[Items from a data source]
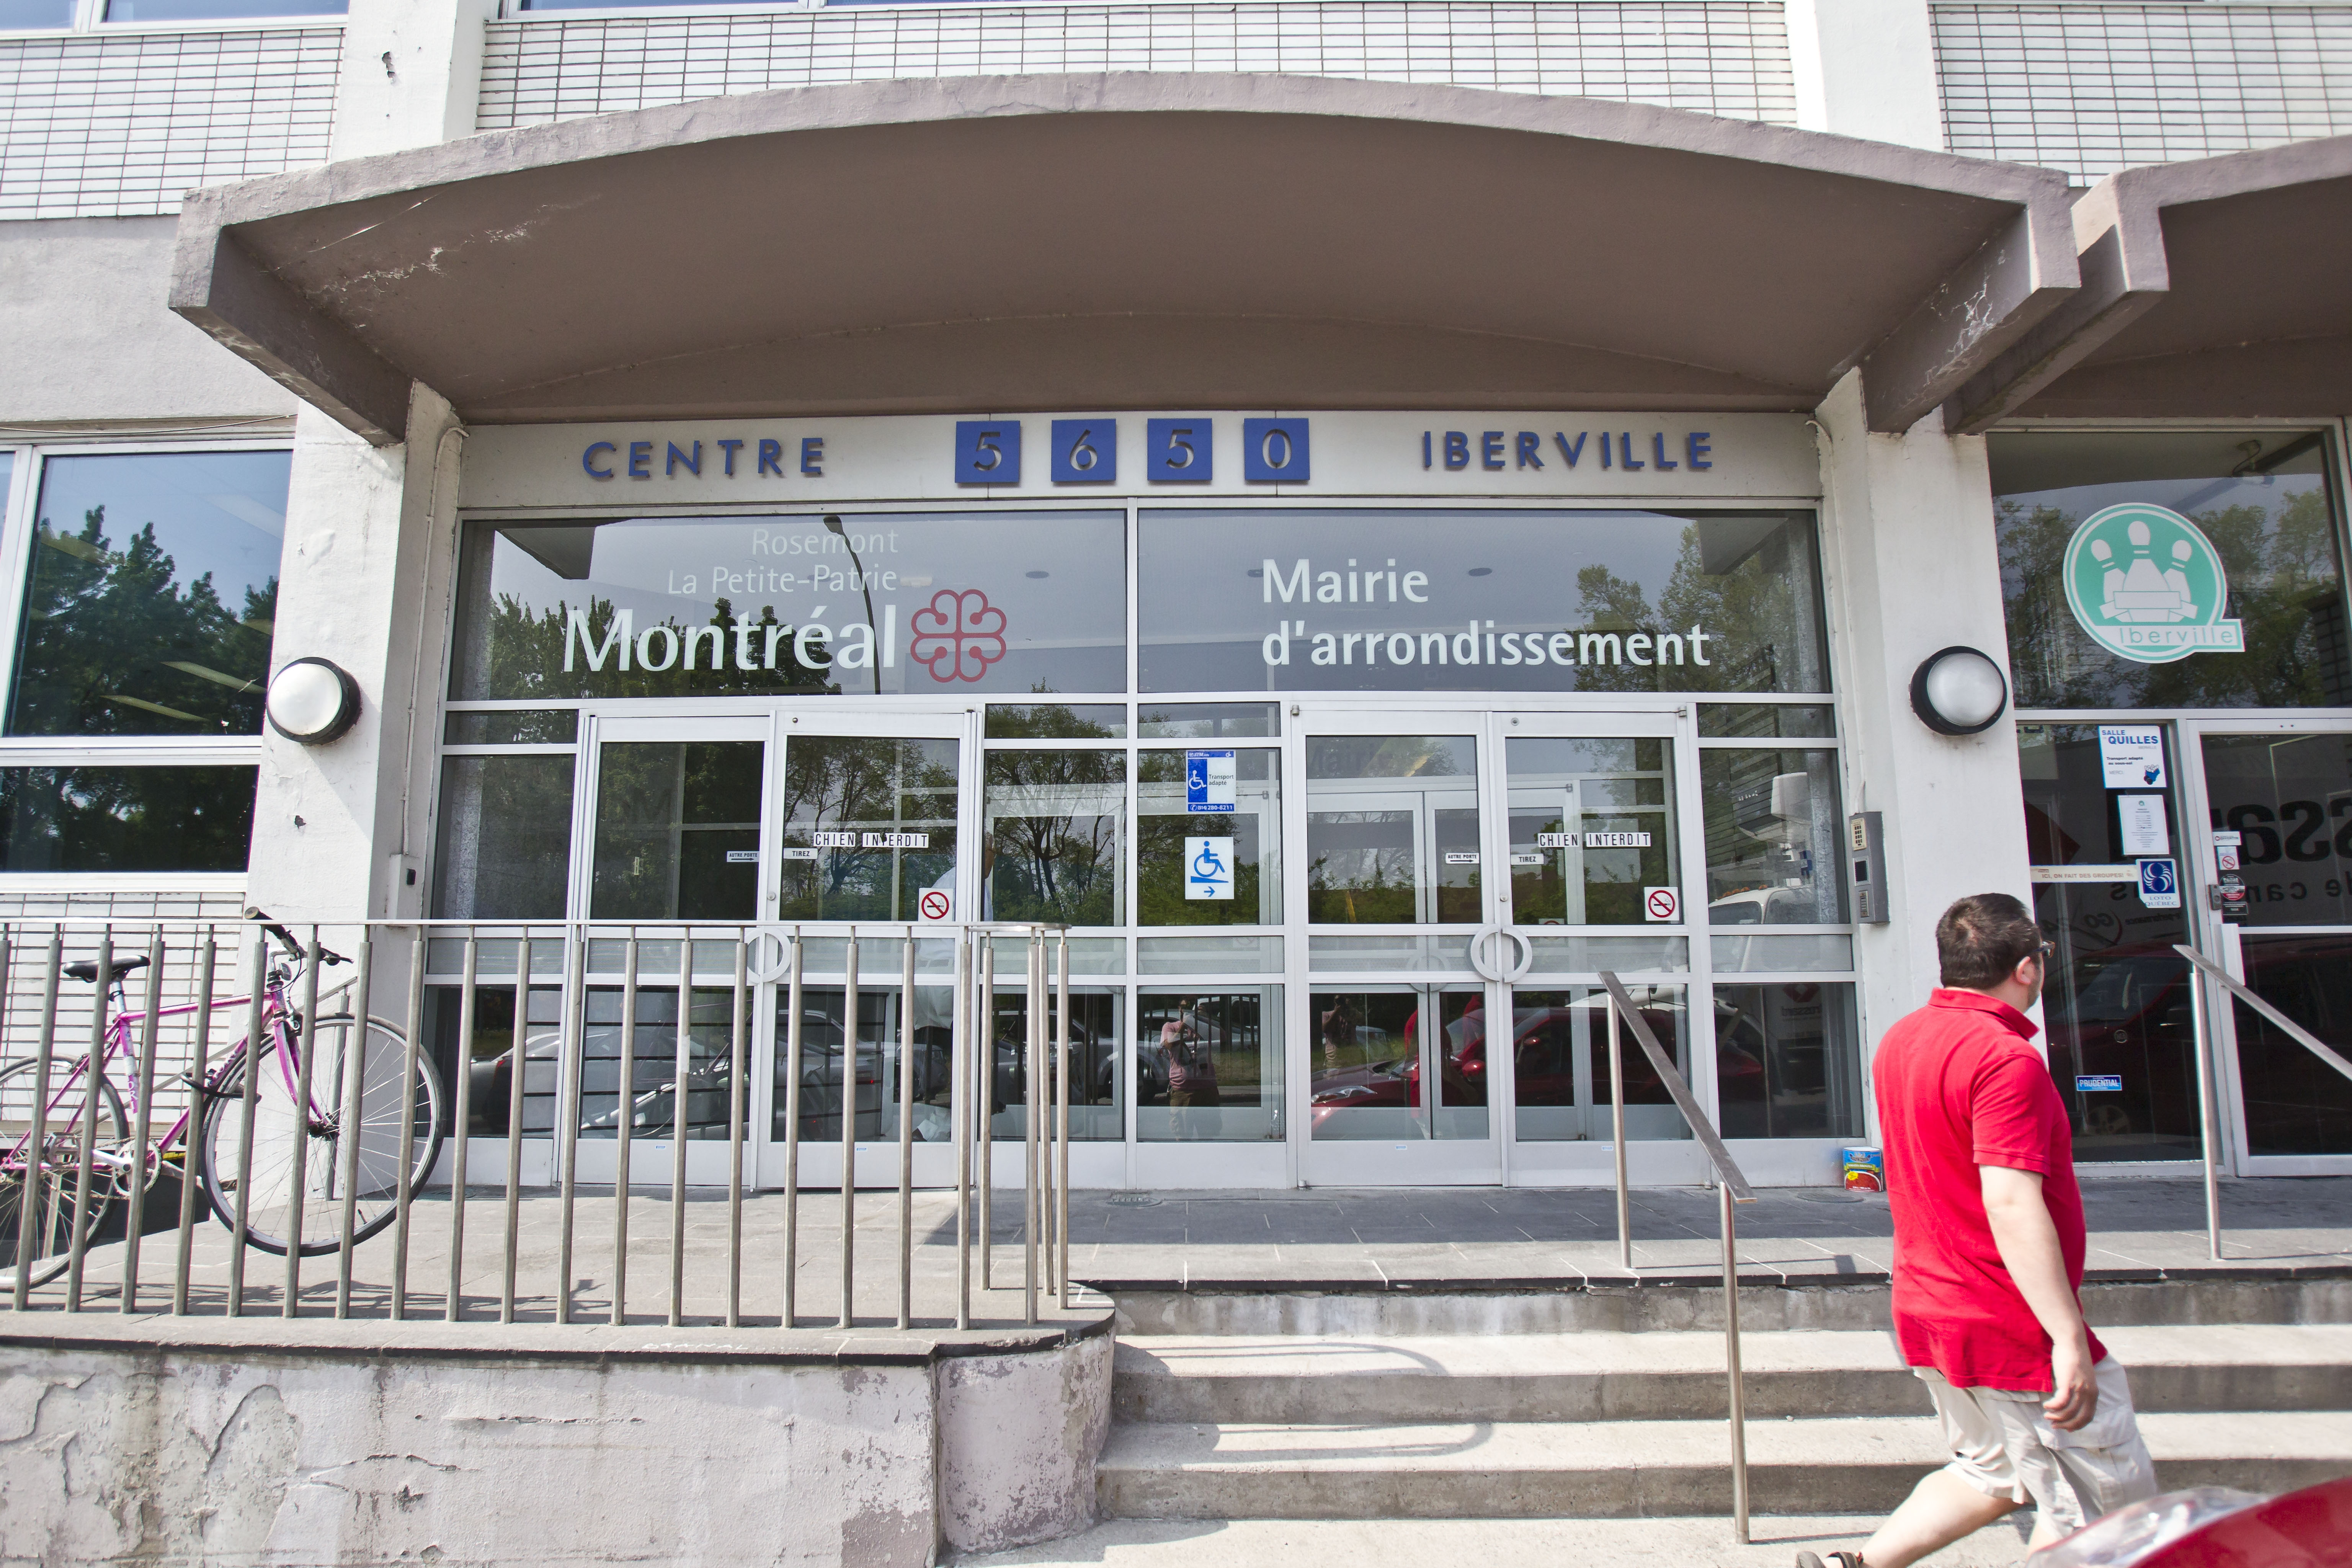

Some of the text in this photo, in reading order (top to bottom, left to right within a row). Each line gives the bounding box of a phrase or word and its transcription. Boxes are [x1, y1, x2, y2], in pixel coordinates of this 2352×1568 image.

[583, 437, 823, 477] CENTRE
[1422, 431, 1713, 469] IBERVILLE
[752, 529, 899, 555] Rosemont
[668, 563, 897, 595] La Petite-Patrie
[1263, 558, 1429, 603] Mairie
[563, 604, 896, 673] Montréal
[1262, 620, 1711, 666] d'arrondissement
[2120, 627, 2233, 644] Iberville
[2108, 736, 2159, 744] QUILLES
[815, 833, 854, 846] CHIEN
[1539, 833, 1650, 846] CHIEN INTERDIT
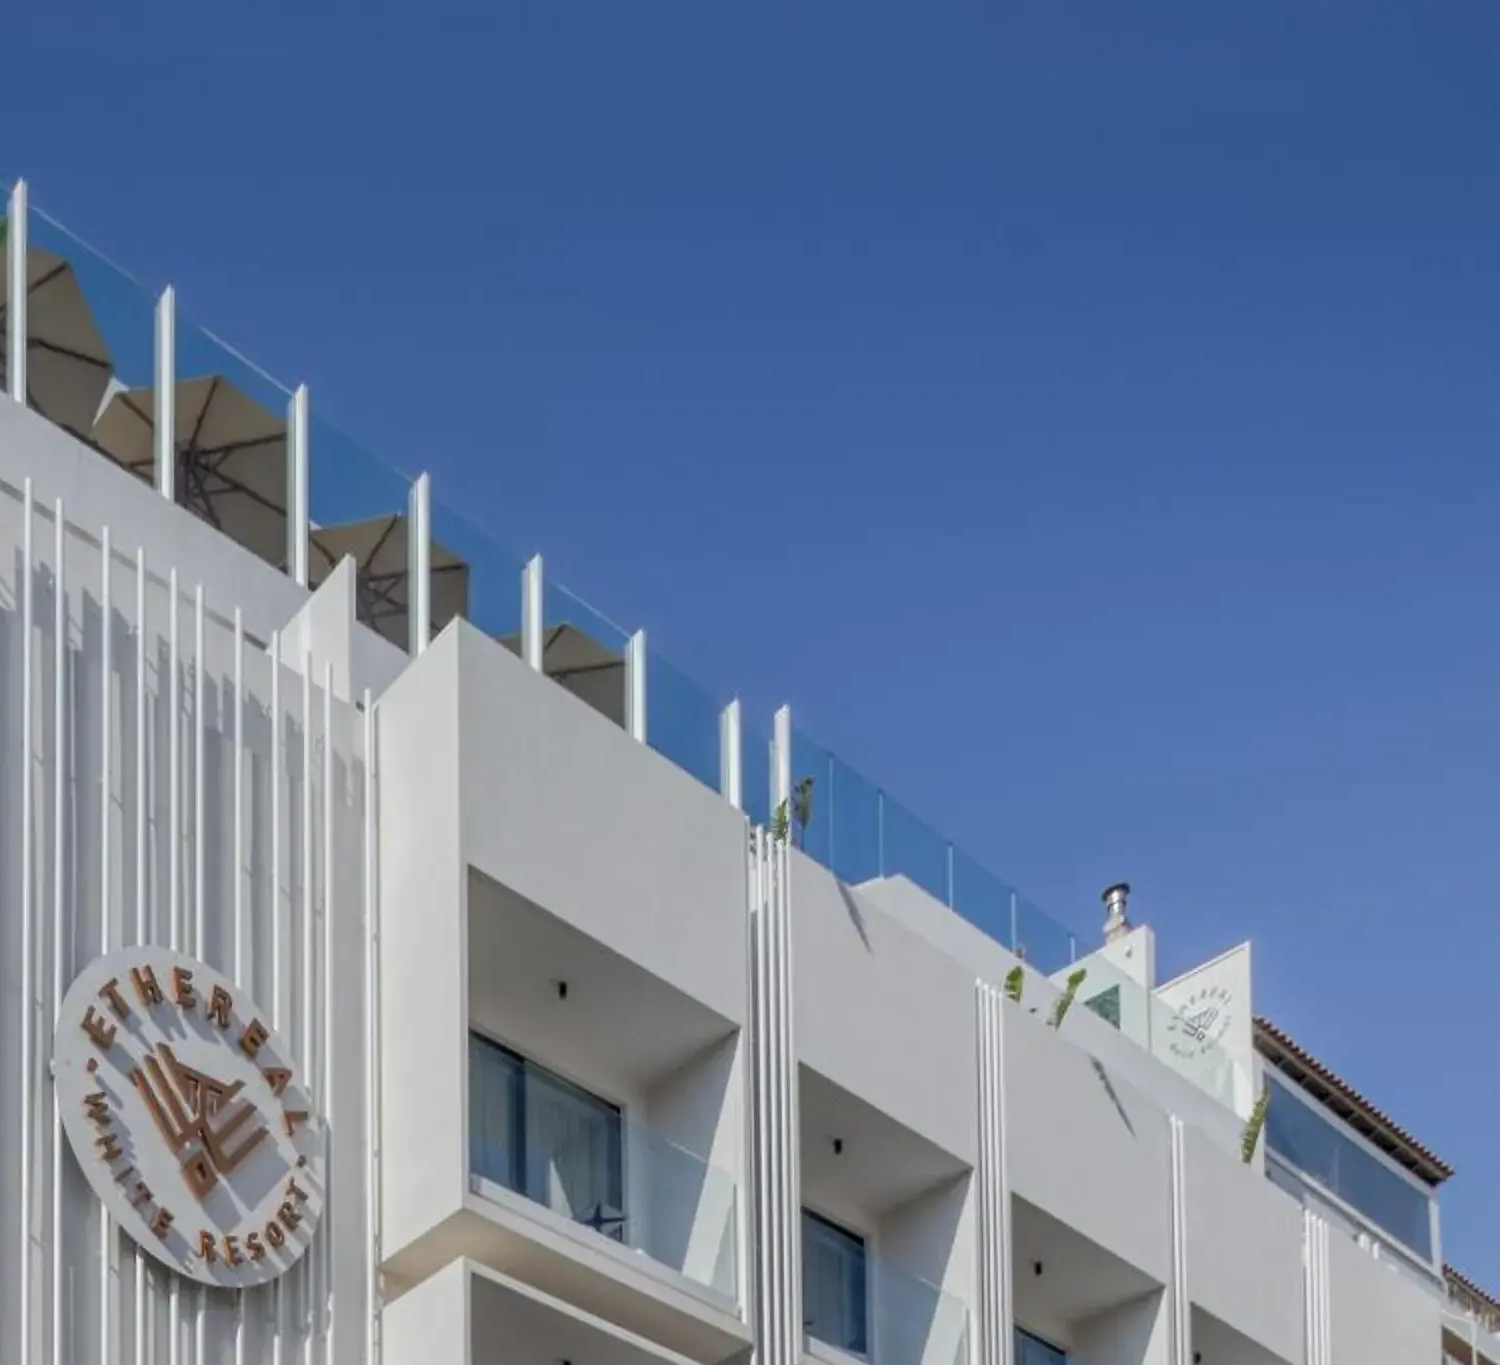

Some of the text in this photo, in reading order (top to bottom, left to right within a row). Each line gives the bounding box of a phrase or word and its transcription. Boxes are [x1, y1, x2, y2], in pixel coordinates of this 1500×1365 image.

[80, 964, 309, 1136] ETHEREAL
[83, 1090, 310, 1268] WHITE RESORT

:: YOUR INSTRUCTIONS ::
Transcribe all the lines above exactly, apart from the pictures.

:: TASK RESPONSE ::
Some of the text in this photo, in reading order (top to bottom, left to right within a row). Each line gives the bounding box of a phrase or word and its transcription. Boxes are [x1, y1, x2, y2], in pixel coordinates of this 2352×1568 image.

[583, 437, 823, 477] CENTRE
[1422, 431, 1713, 469] IBERVILLE
[752, 529, 899, 555] Rosemont
[668, 563, 897, 595] La Petite-Patrie
[1263, 558, 1429, 603] Mairie
[563, 604, 896, 673] Montréal
[1262, 620, 1711, 666] d'arrondissement
[2120, 627, 2233, 644] Iberville
[2108, 736, 2159, 744] QUILLES
[815, 833, 854, 846] CHIEN
[1539, 833, 1650, 846] CHIEN INTERDIT

Some of the text in this photo, in reading order (top to bottom, left to right within a row). Each line gives the bounding box of a phrase or word and its transcription. Boxes are [x1, y1, x2, y2], in pixel coordinates of this 1500×1365 image.

[80, 964, 309, 1136] ETHEREAL
[83, 1090, 310, 1268] WHITE RESORT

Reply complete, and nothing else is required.